4. Provide Suspicious Activity Evidence for Reporting
Early versions of suspicious activity grouped suspicious activity on a timeline, but teams lacked an overview of total funds involved. Through iteration, I redesigned it into an aggregated evidence chart with drill-downs. The trade-off was backend limits, we couldn’t update continuously, so the engineering team optimized by batching updates daily. This kept the system efficient while still giving analysts faster pattern recognition and easier reporting.
❌ Option A: Expandable Timeline
Pros
Lightweight on engineering, easier to support
Shows frequency of suspicious activity over time
Allows analysts to expand specific batches for details
Cons
Only gives a basic overview upfront
Must click into each batch to see transaction breakdowns
Slower for spotting overall patterns
✅ Option B: Aggregated Analytics Chart
Pros
Comprehensive overview at a glance
Faster pattern recognition and easier reporting
Reduces manual clicking to piece together details
Cons
Heavier engineering effort to implement
Required backend optimization (solved with daily batch updates)

✅ Outcome
Compliance teams got faster pattern recognition and clearer evidence for SAR reporting without overwhelming the backend.
5. Build the Investigation Graph
With the risk score established, the next objective was to help analysts understand how funds moved. I collaborated with engineers to design a transaction graph that replaced endless scrolling through raw logs, allowing analysts to expand nodes, trace flows, and connect to labeled entities. Through workshops and iterations, we added filters and incremental loading to handle large datasets within backend limits.

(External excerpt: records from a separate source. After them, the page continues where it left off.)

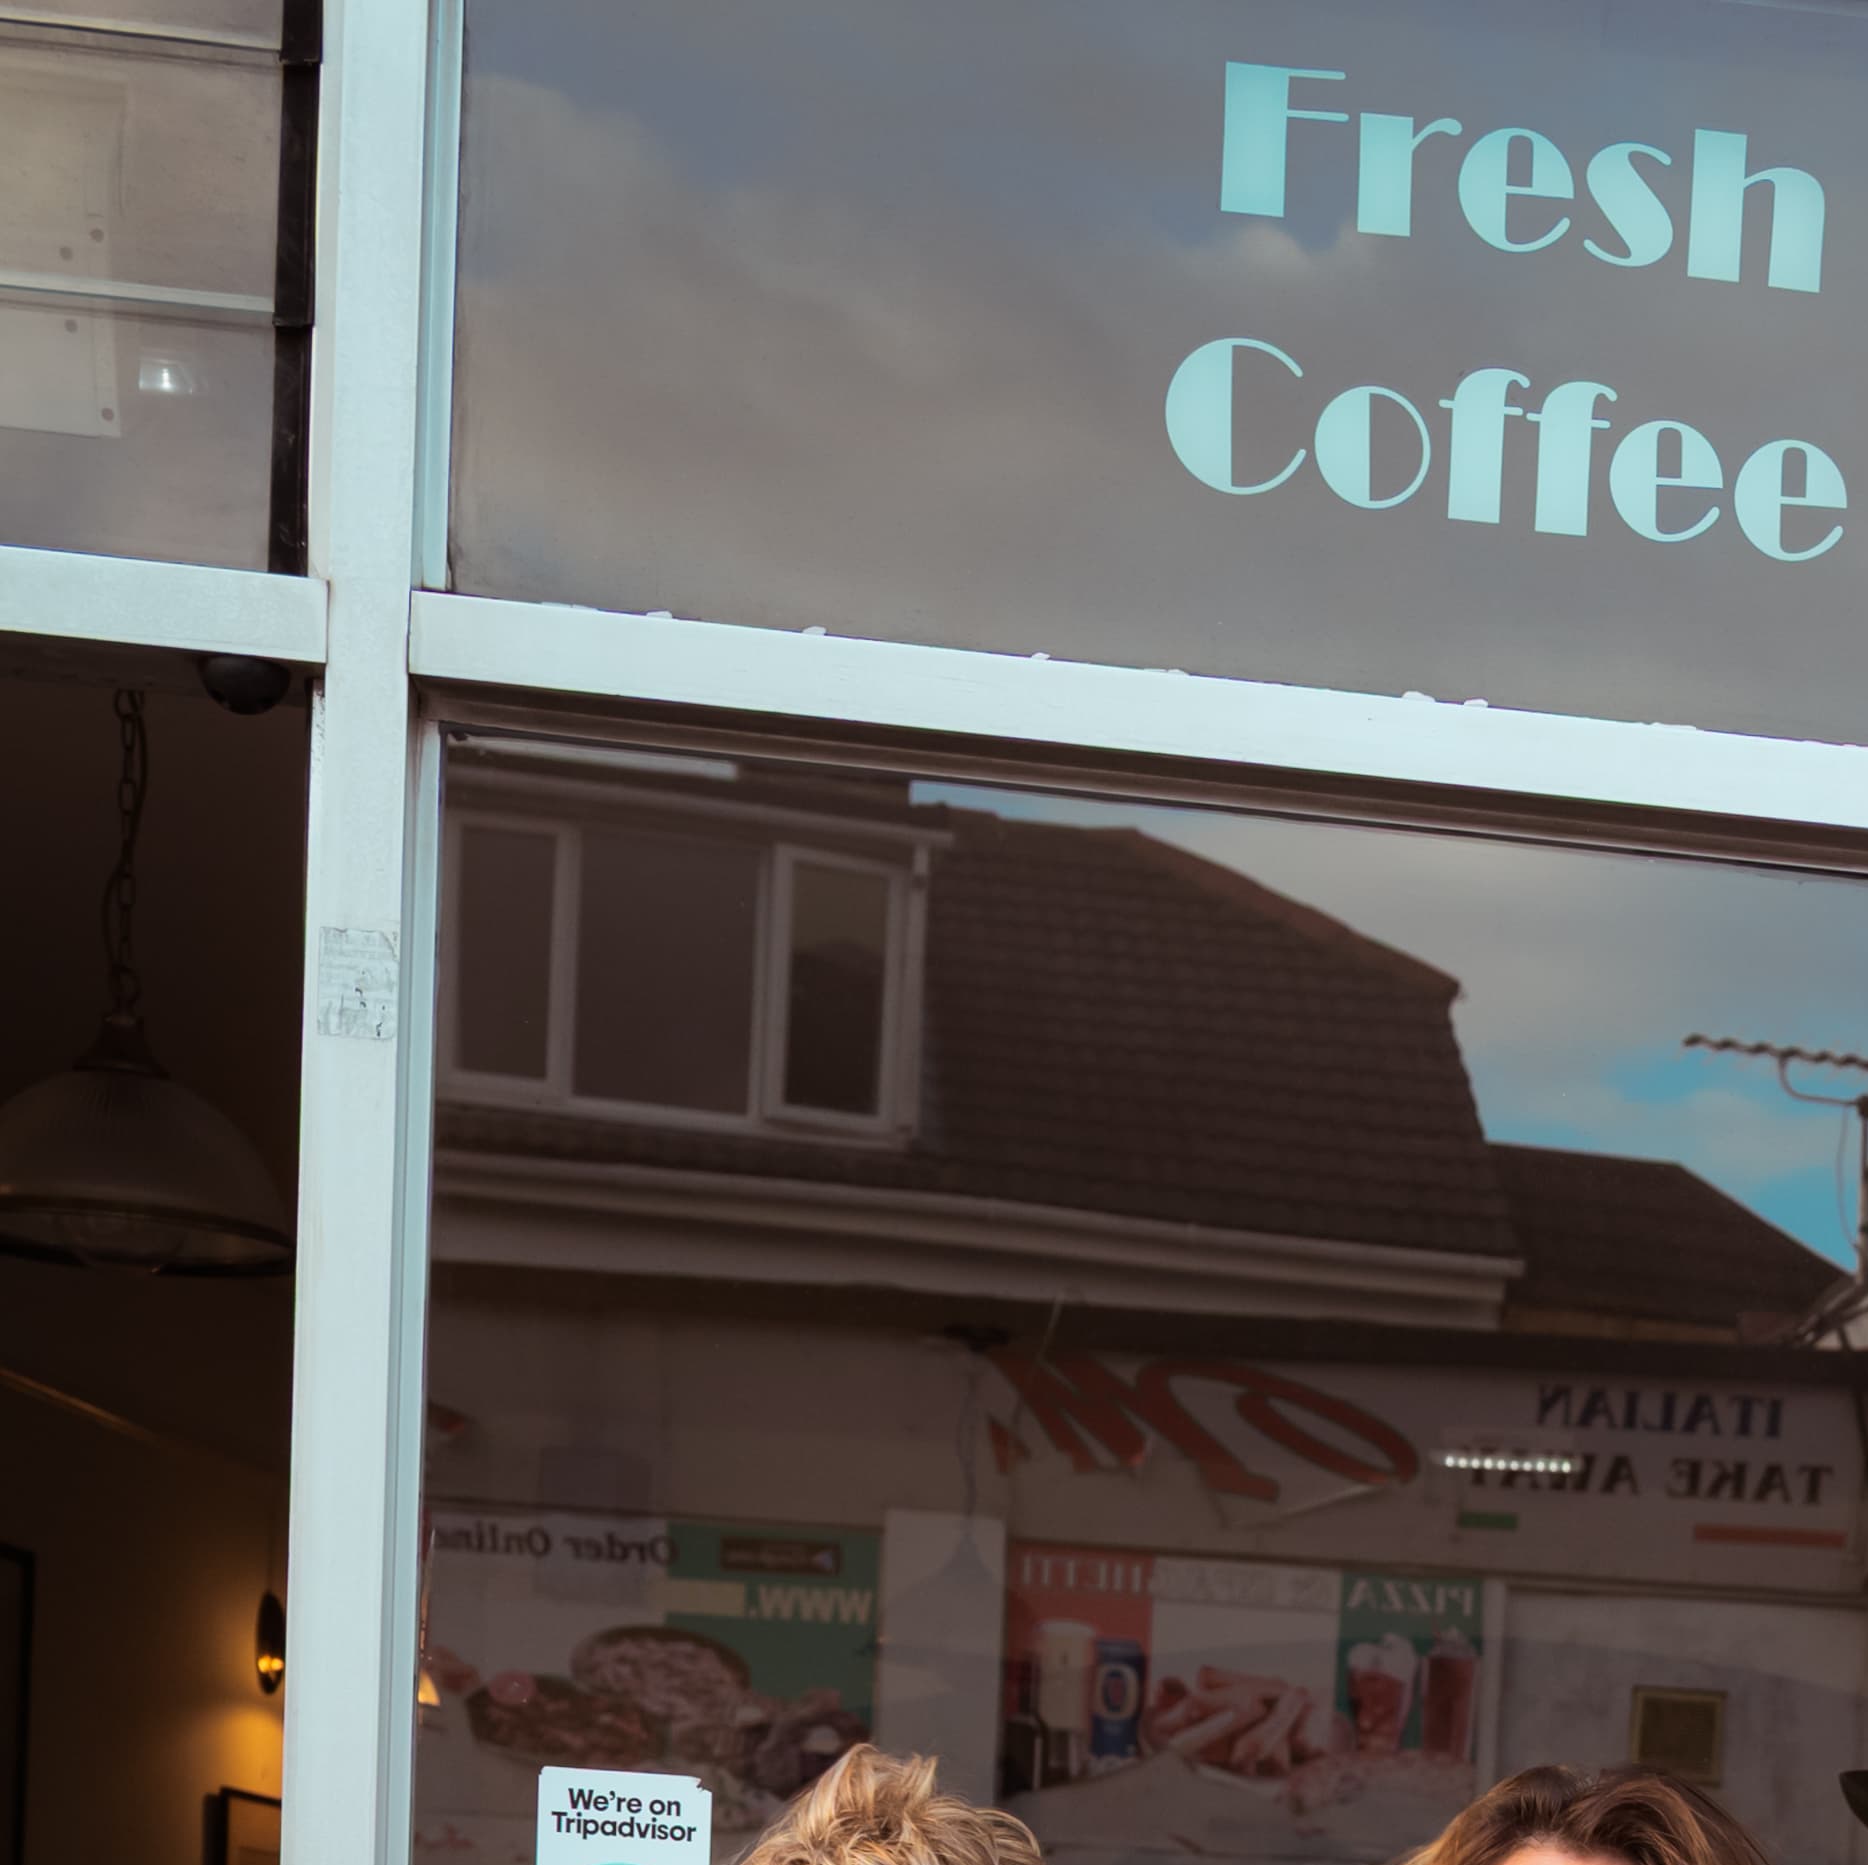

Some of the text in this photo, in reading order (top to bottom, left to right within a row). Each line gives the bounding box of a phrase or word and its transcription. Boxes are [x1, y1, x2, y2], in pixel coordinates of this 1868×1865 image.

[1219, 58, 1828, 294] Fresh
[1163, 336, 1851, 564] Coffee
[551, 1811, 697, 1842] Tripadvisor
[568, 1788, 681, 1817] We're on
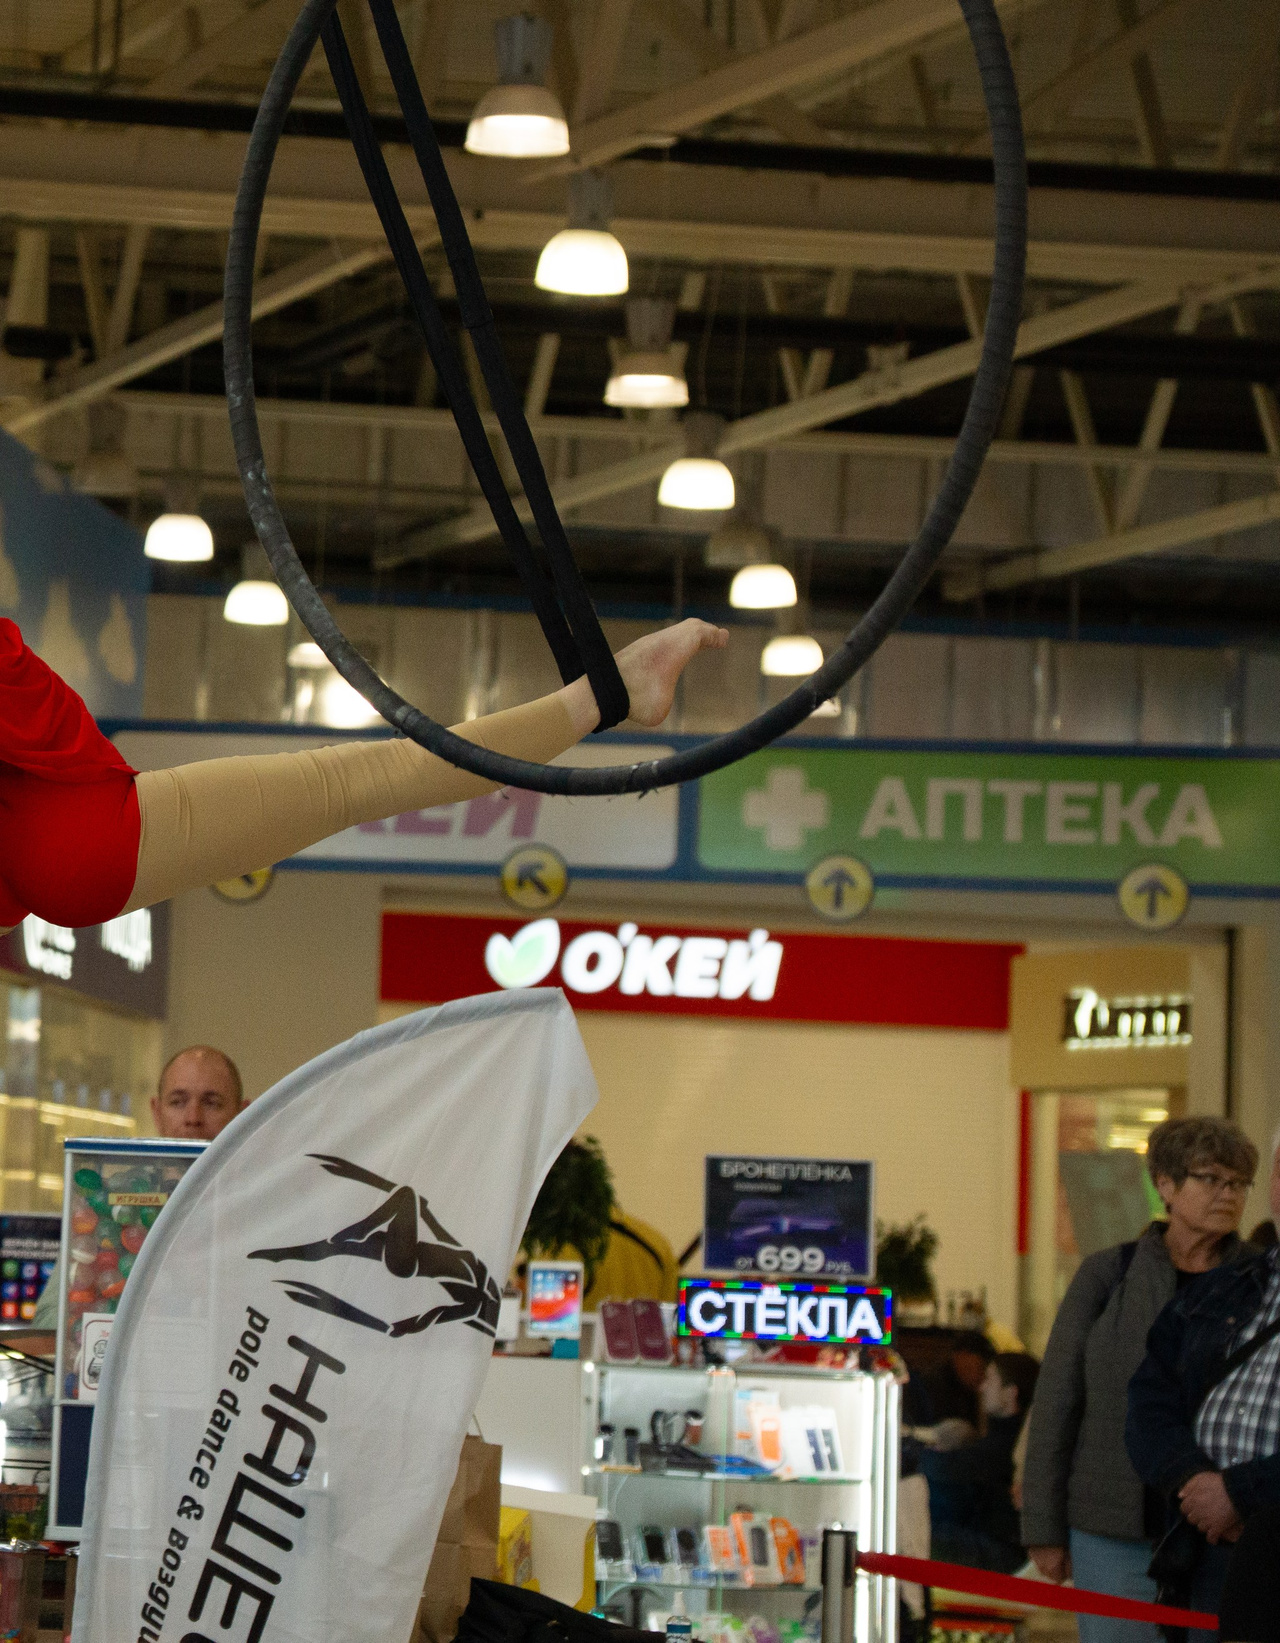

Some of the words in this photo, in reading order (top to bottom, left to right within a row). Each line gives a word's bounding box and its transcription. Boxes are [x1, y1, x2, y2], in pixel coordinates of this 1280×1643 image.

[859, 777, 1223, 848] АПТЕКА
[560, 922, 784, 1002] О'КЕЙ
[115, 1194, 161, 1205] ИГРУШКА
[735, 1256, 754, 1270] ОТ
[756, 1245, 825, 1273] 699
[228, 1305, 270, 1383] pole
[688, 1286, 884, 1340] СТЁКЛА
[189, 1388, 242, 1490] dance
[176, 1494, 205, 1521] &
[179, 1334, 347, 1643] НАШЕ
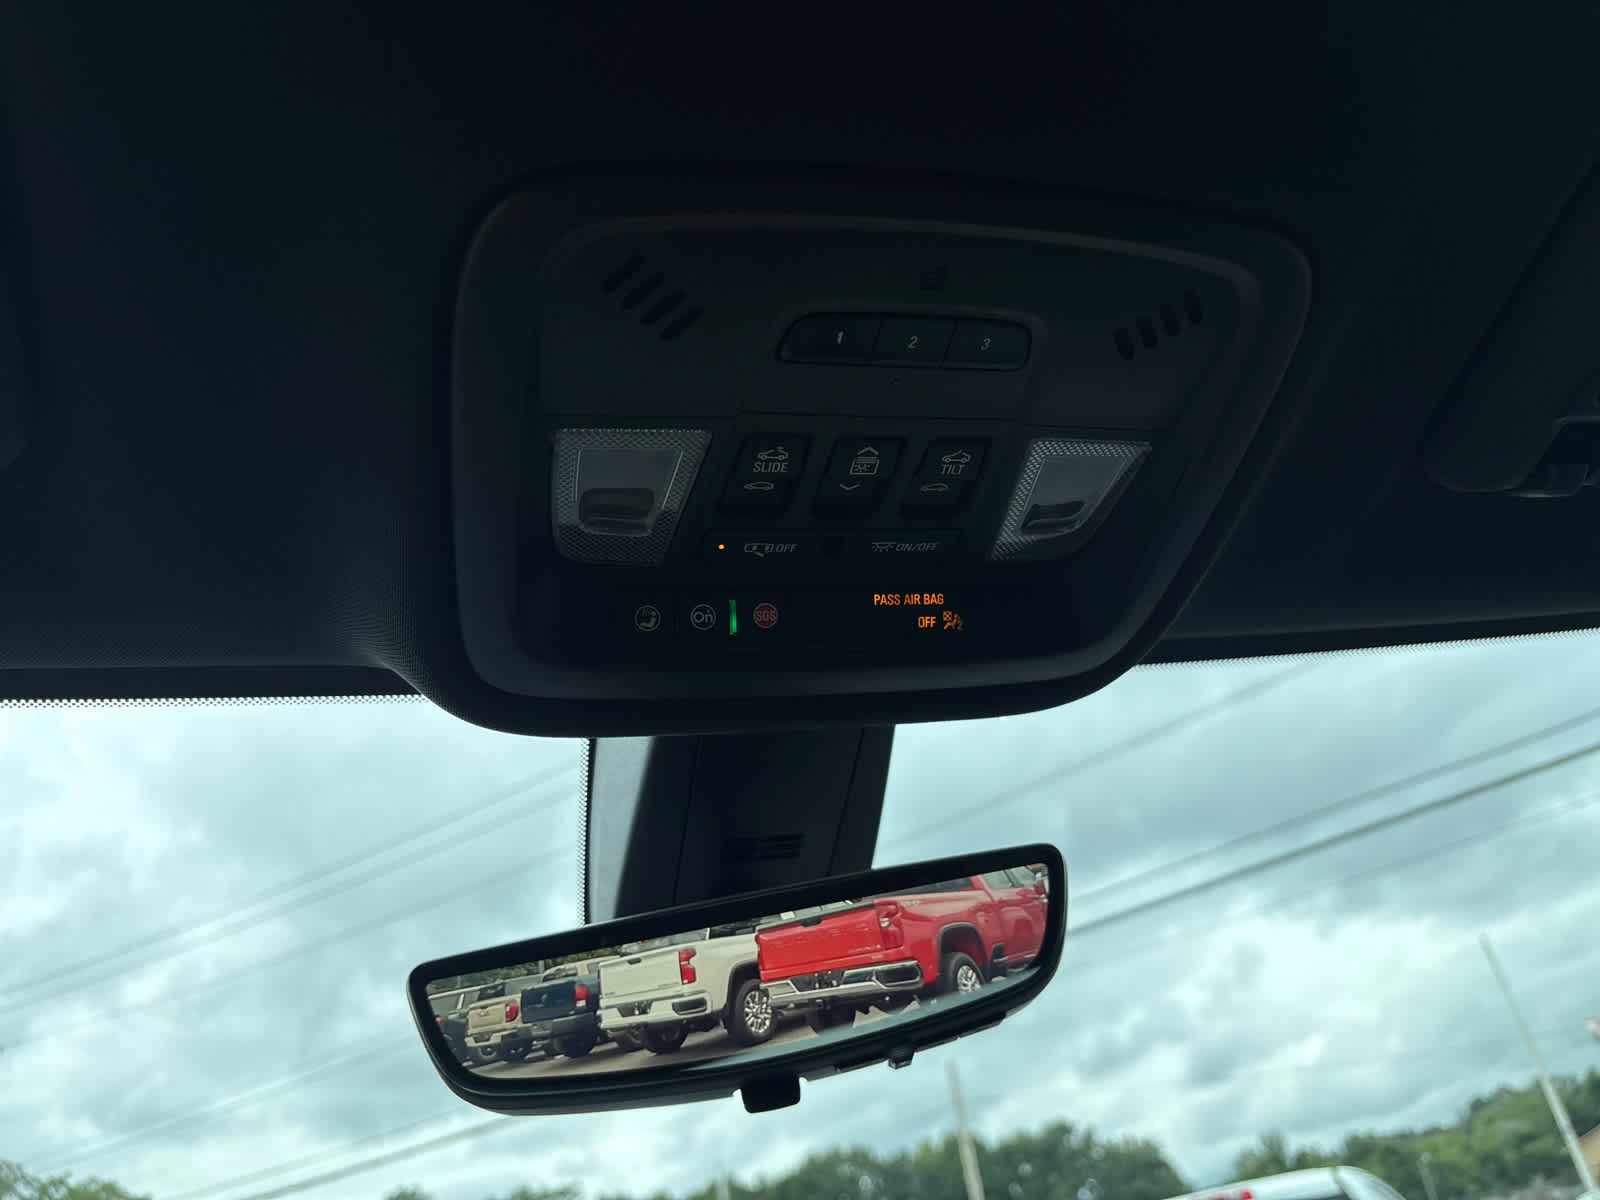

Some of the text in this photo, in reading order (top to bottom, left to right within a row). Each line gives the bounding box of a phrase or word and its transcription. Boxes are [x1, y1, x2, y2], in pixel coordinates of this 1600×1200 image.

From raw BTC logs to graph concept.

Final transaction graph after multiple iterations.
✅ Outcome
Investigations that once took hours in spreadsheets and explorers could now be completed in minutes, with patterns and suspicious flows visible at a glance.
The Impact
10x Buyer Growth After The Launch
This was the first product our company brought to market, and it opened the door with exchanges, financial institutions, and even government investigators. The BEI API and platform together became the entry point that closed deals and built trust with clients. Over time, as larger exchanges built their own screening tools, our product shifted toward investigation.
Reflections
If I had more time at the start, I would have invested in deeper research into the full compliance workflow. Later we learned that larger exchanges already had strong internal monitoring systems, and what they really needed from us was our API and the investigation platform. That insight shaped how CISO grew, the address risk profile became the foundation, and over time the transaction graph and investigation tools turned into the core of the product.